───── Input data
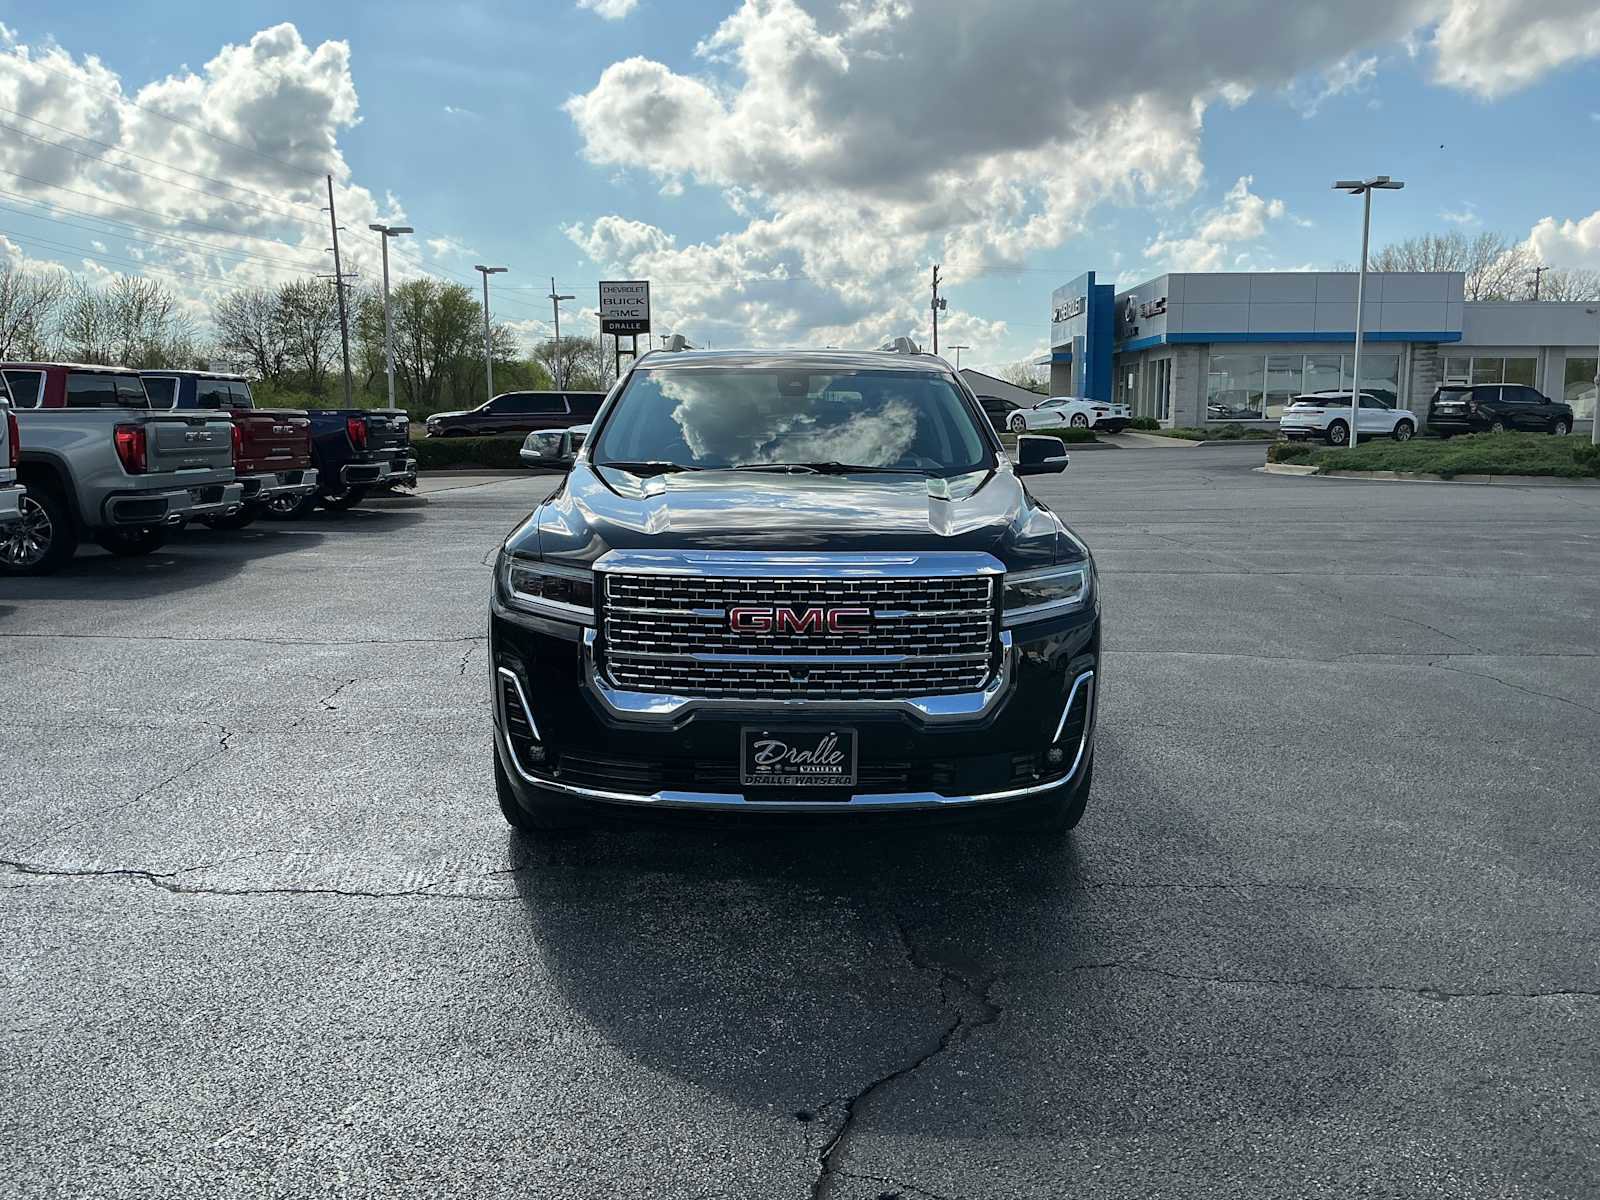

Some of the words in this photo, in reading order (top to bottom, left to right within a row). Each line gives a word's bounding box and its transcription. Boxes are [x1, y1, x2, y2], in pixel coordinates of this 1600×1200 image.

[609, 322, 641, 330] DRALLE
[729, 607, 870, 633] GMC
[753, 735, 845, 764] Dralle
[745, 776, 791, 785] DRALLE
[795, 776, 851, 785] WATSEKA
──────────
| What the exercise asks |
Each record is to be restated word for word; no picture goes in.

| Result of the exercise |
Some of the words in this photo, in reading order (top to bottom, left to right within a row). Each line gives a word's bounding box and its transcription. Boxes are [x1, y1, x2, y2], in pixel coordinates of this 1600×1200 image.

[609, 322, 641, 330] DRALLE
[729, 607, 870, 633] GMC
[753, 735, 845, 764] Dralle
[745, 776, 791, 785] DRALLE
[795, 776, 851, 785] WATSEKA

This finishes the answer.